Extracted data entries
= = = = = = =

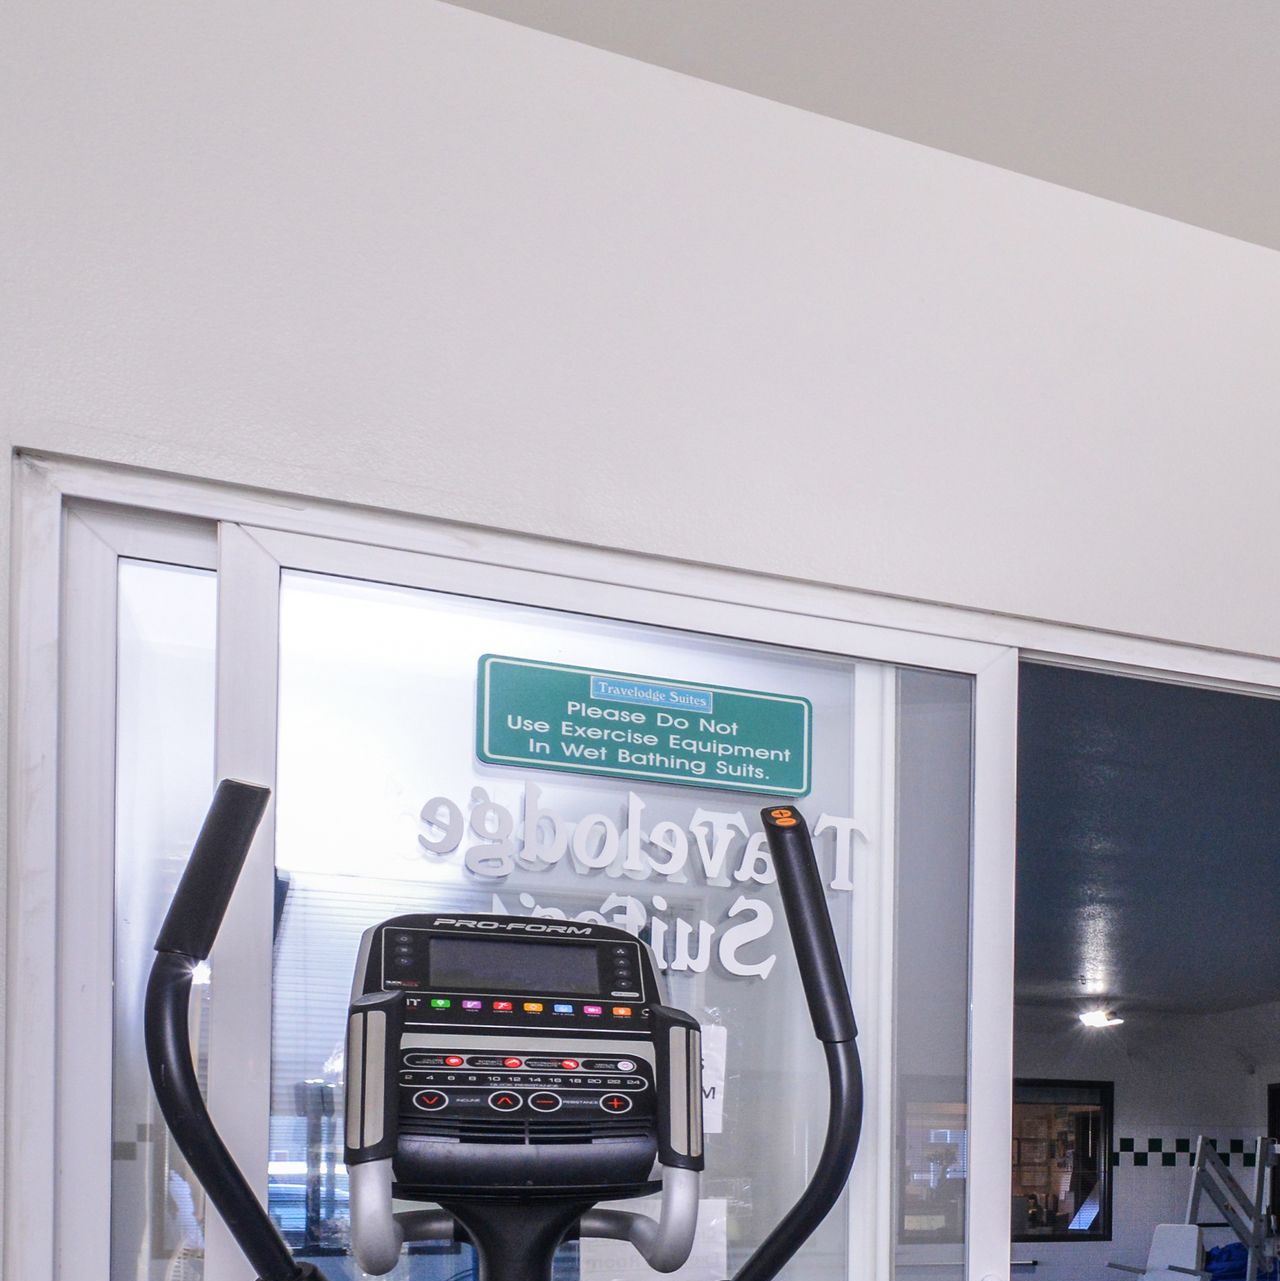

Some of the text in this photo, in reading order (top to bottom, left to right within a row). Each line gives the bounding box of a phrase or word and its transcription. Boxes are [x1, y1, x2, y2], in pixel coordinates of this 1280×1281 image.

[598, 681, 706, 706] Travelodge Suites
[567, 701, 739, 735] Please Do Not
[507, 714, 791, 762] Use Exercise Equipment
[529, 738, 770, 780] In Wet Bathing Suits.
[433, 918, 593, 936] PRO-FORM
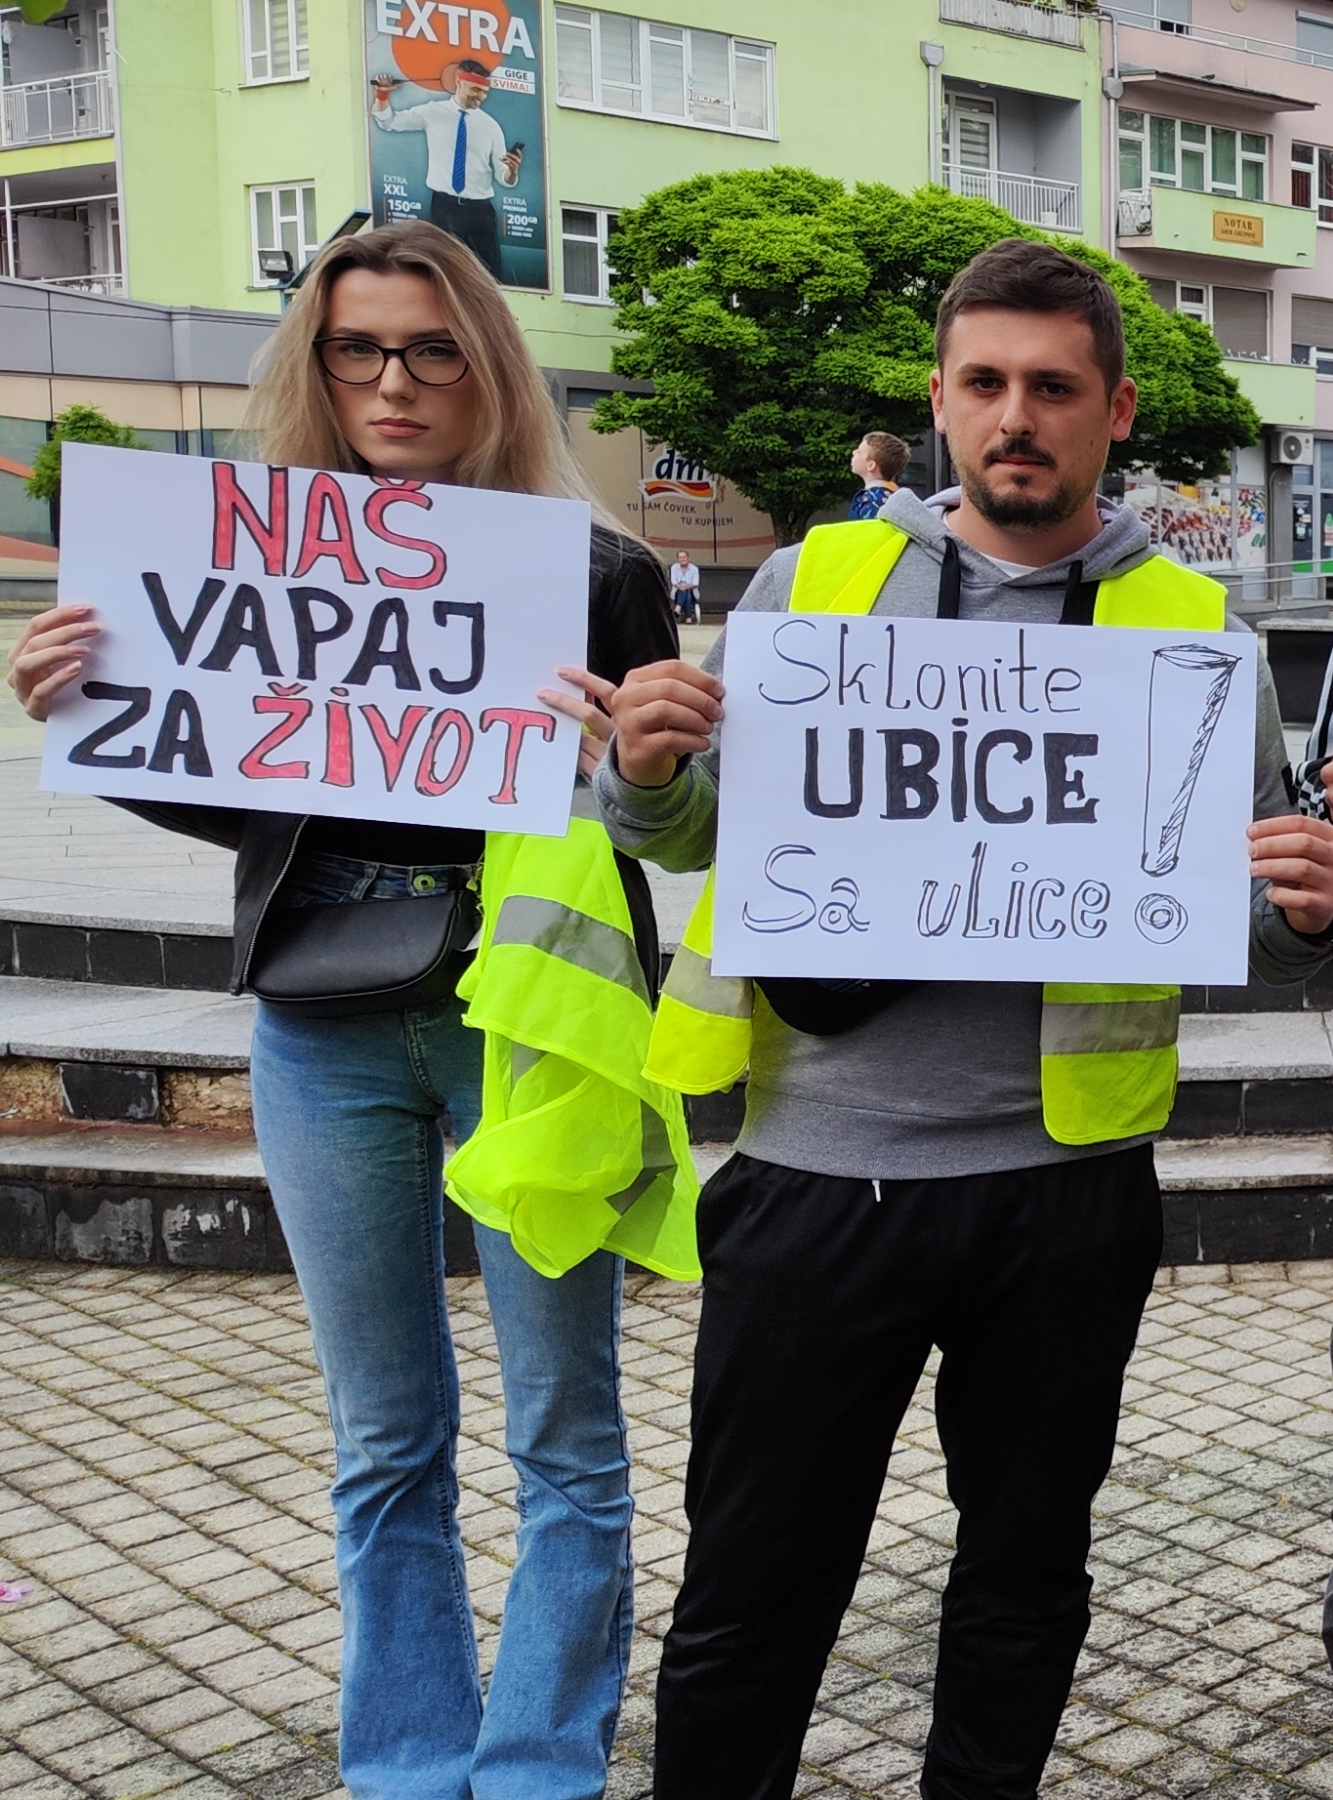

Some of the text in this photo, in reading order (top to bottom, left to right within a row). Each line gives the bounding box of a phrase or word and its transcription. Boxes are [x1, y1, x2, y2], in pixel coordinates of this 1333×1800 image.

[376, 0, 536, 60] EXTRA
[504, 69, 530, 81] GIGE
[492, 79, 530, 93] SVIMA!
[383, 174, 408, 185] EXTRA
[383, 184, 408, 197] XXL
[502, 196, 527, 207] EXTRA
[1223, 217, 1253, 231] NOTAR
[655, 448, 706, 480] dm
[626, 501, 697, 515] TU SAM ČOVJEK
[212, 461, 448, 590] NAŠ
[680, 516, 693, 526] TU
[140, 571, 486, 695] VAPAJ
[757, 618, 1083, 714] Sklonite
[67, 680, 214, 778] ZA
[742, 842, 871, 935] Sa
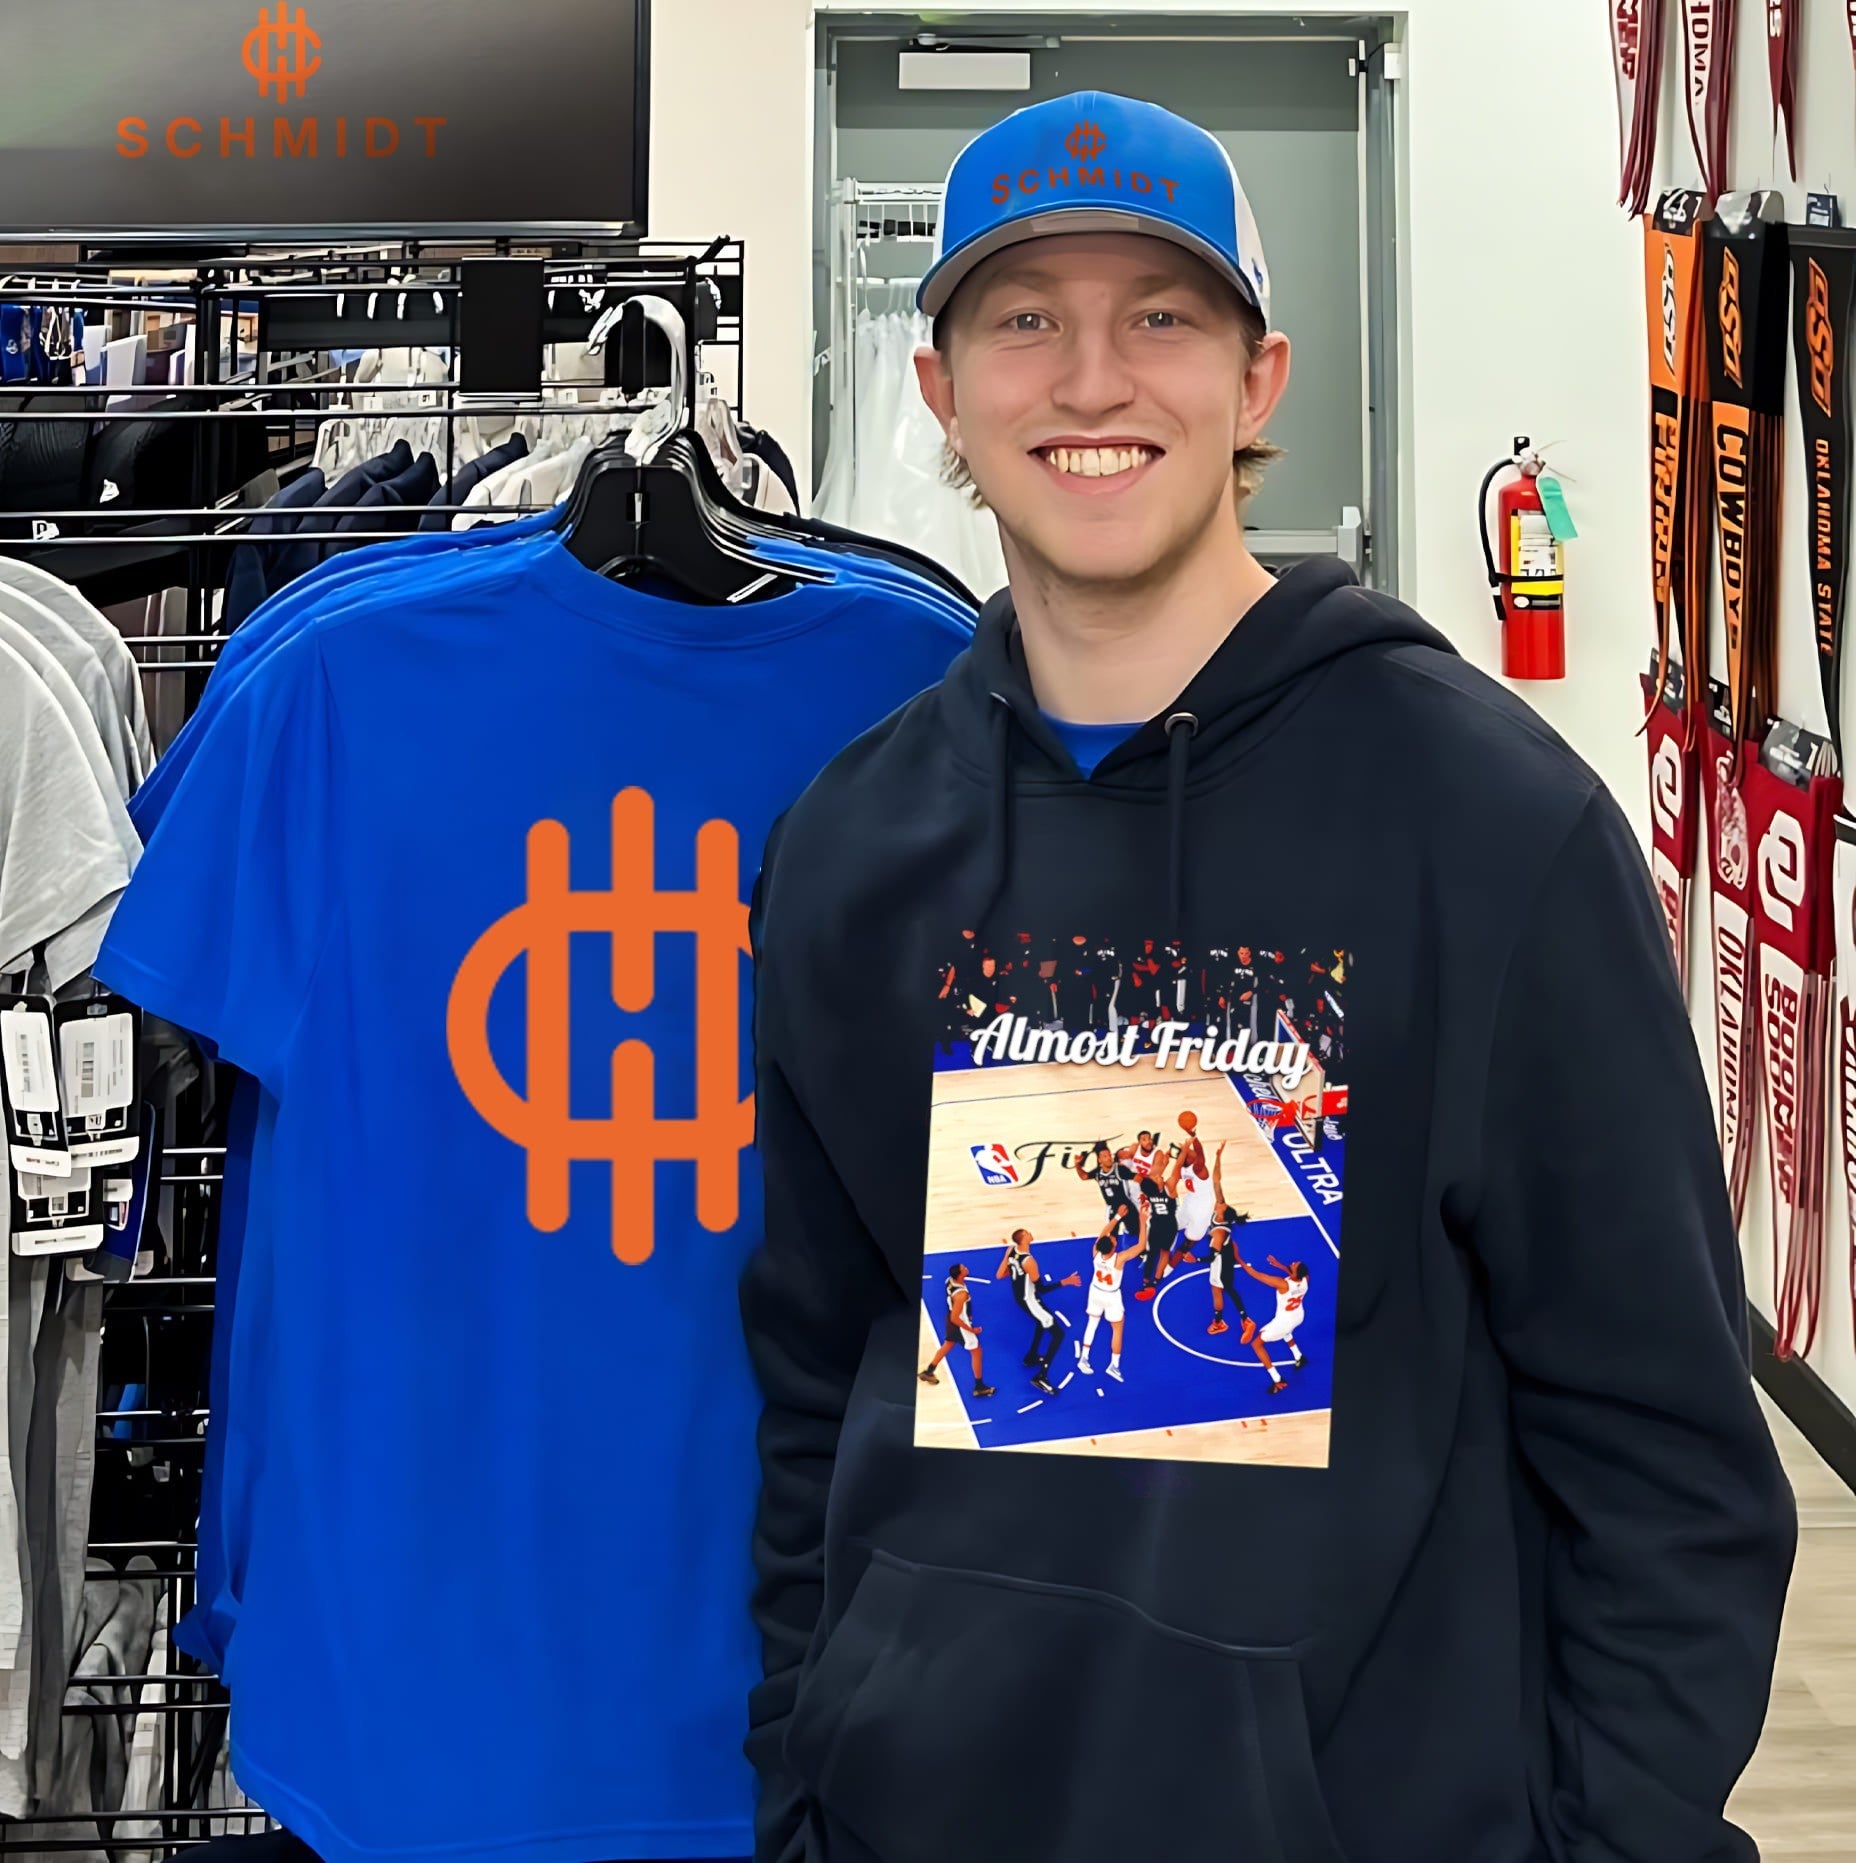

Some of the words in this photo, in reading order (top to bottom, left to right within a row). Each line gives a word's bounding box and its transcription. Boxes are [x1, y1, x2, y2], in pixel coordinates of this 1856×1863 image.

[116, 116, 447, 158] SCHMIDT
[991, 166, 1180, 205] SCHMIDT
[1815, 438, 1832, 570] OKLAHOMA
[970, 1013, 1139, 1066] Almost
[1150, 1021, 1311, 1089] Friday
[1718, 926, 1745, 1144] OKLAHOMA
[1282, 1132, 1344, 1206] ULTRA

= = = = = = =

● Required action
Restate each entry word for word, please, but drop any images it holds.

● Solution
Some of the text in this photo, in reading order (top to bottom, left to right within a row). Each line gives the bounding box of a phrase or word and its transcription. Boxes are [x1, y1, x2, y2], in pixel coordinates of this 1280×1281 image.

[598, 681, 706, 706] Travelodge Suites
[567, 701, 739, 735] Please Do Not
[507, 714, 791, 762] Use Exercise Equipment
[529, 738, 770, 780] In Wet Bathing Suits.
[433, 918, 593, 936] PRO-FORM

Some of the text in this photo, in reading order (top to bottom, left to right within a row). Each line gives the bounding box of a phrase or word and its transcription. Boxes are [x1, y1, x2, y2], in pixel coordinates of this 1333×1800 image.

[376, 0, 536, 60] EXTRA
[504, 69, 530, 81] GIGE
[492, 79, 530, 93] SVIMA!
[383, 174, 408, 185] EXTRA
[383, 184, 408, 197] XXL
[502, 196, 527, 207] EXTRA
[1223, 217, 1253, 231] NOTAR
[655, 448, 706, 480] dm
[626, 501, 697, 515] TU SAM ČOVJEK
[212, 461, 448, 590] NAŠ
[680, 516, 693, 526] TU
[140, 571, 486, 695] VAPAJ
[757, 618, 1083, 714] Sklonite
[67, 680, 214, 778] ZA
[742, 842, 871, 935] Sa

Some of the words in this photo, in reading order (top to bottom, left to right within a row). Each line gives a word's bounding box and its transcription. Boxes are [x1, y1, x2, y2], in pixel coordinates of this 1856×1863 image.

[116, 116, 447, 158] SCHMIDT
[991, 166, 1180, 205] SCHMIDT
[1815, 438, 1832, 570] OKLAHOMA
[970, 1013, 1139, 1066] Almost
[1150, 1021, 1311, 1089] Friday
[1718, 926, 1745, 1144] OKLAHOMA
[1282, 1132, 1344, 1206] ULTRA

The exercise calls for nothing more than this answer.